Every fall they propel themselves from the United States and Canada to a patch of high forest in central Mexico – and then back in the spring. It’s not clear how they find their way, or how long they have been at it.
But what is clear is that they are under threat.
Homero Aridjis, arguably Mexico’s most prominent and articulate defender of the monarch butterflies, says standing up for them has been the “environmental cause of my life.”
Mr. Aridjis literally grew up with the beautiful orange-and-black insects, climbing the hills in his native Michoacán State as a boy to see them “explode from the tree branches when the sun hit them,” he says.
He also has been a pioneer defender of the environment in general, raising public awareness and speaking out with the authority of an award-winning poet and novelist on everything from sea turtles to gray whales to air pollution in Mexico City.
“I believe that … human beings bear a huge responsibility to all other species to preserve our planet’s biological wealth,” he says in a recent Monitor interview.
No one in Mexico has made a more important contribution to protecting that country’s environment – “an effort that has had ripple effects throughout the world,” says Lester Brown, the US environmentalist and founder of the Worldwatch Institute.

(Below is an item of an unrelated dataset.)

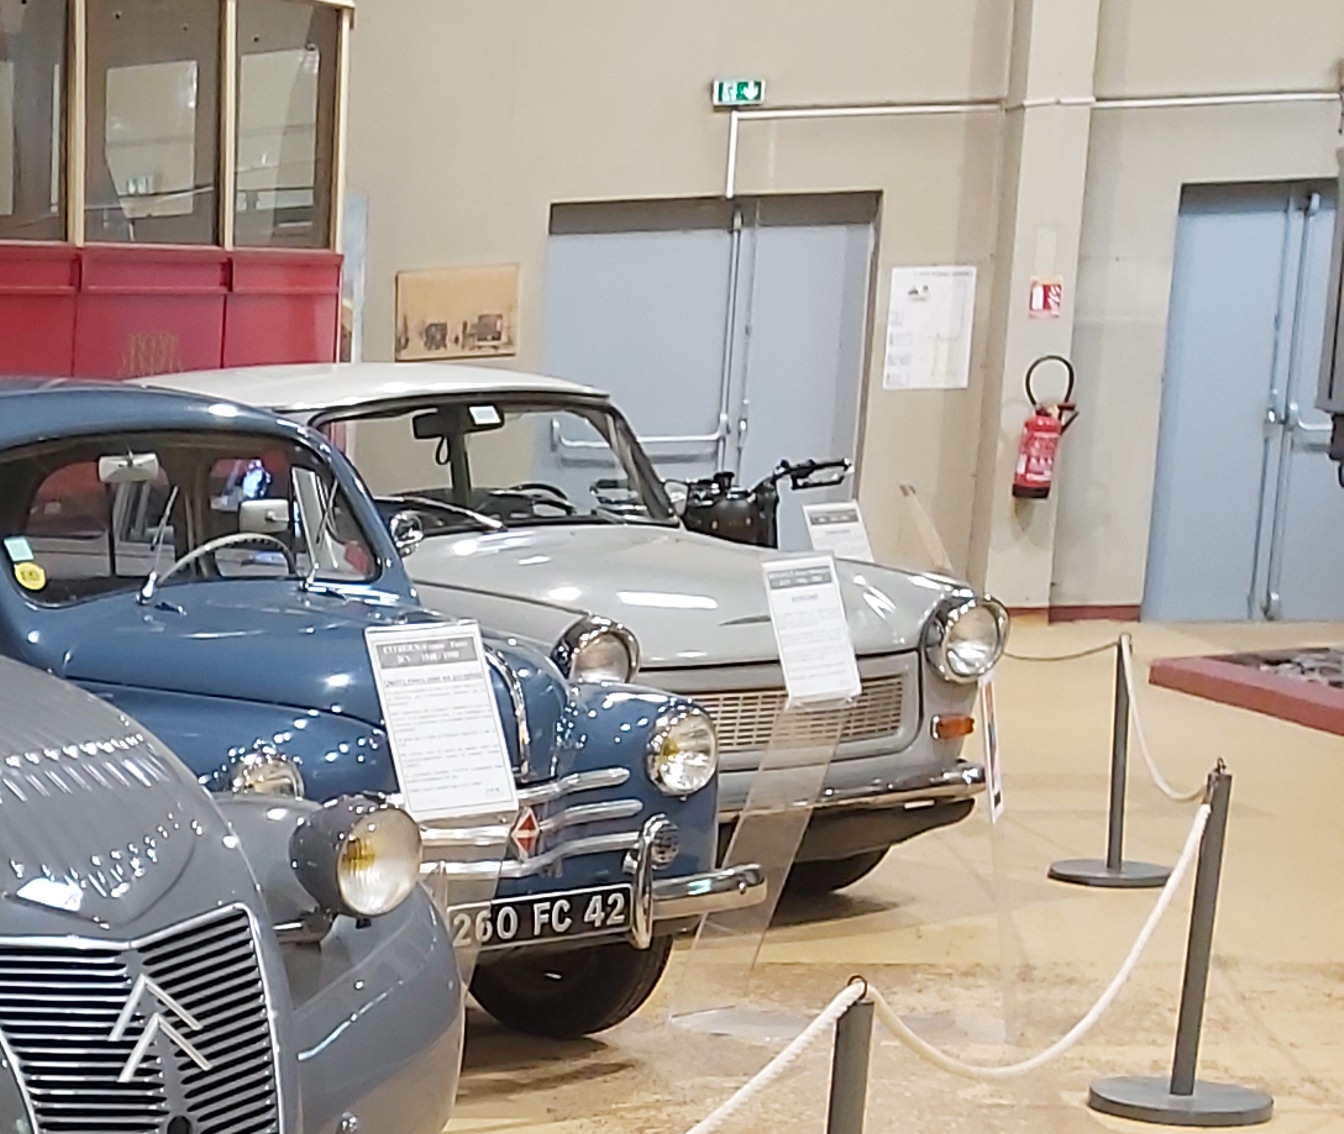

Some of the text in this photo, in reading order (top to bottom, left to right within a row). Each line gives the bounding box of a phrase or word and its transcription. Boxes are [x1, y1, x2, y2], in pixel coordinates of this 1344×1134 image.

When Aridjis was 10, a shotgun accident left his life hanging in the balance. “My near-death experience permeates my life and sensibility as a writer,” he said later. He lost interest in hunting birds as his budding conscience intervened and sparked a passionate concern for the environment.
“I understood that somehow my own survival was connected to theirs,” he says.
Aridjis’s work as the founder of the Group of 100 – an association of prominent artists and intellectuals that includes Octavio Paz and Gabriel GarcÃa Márquez devoted to protecting Latin America‘s environment – has been particularly note-worthy, says Mr. Brown, president of the Earth Policy Institute in Washington, D.C.
In 1986 the group, led by Aridjis, persuaded Mexico’s president to issue a decree creating the Monarch Butterfly Biosphere Reserve, an area 60 miles west of Mexico City that hosts the majority of overwintering monarchs from the US east of the Rockies and Canada.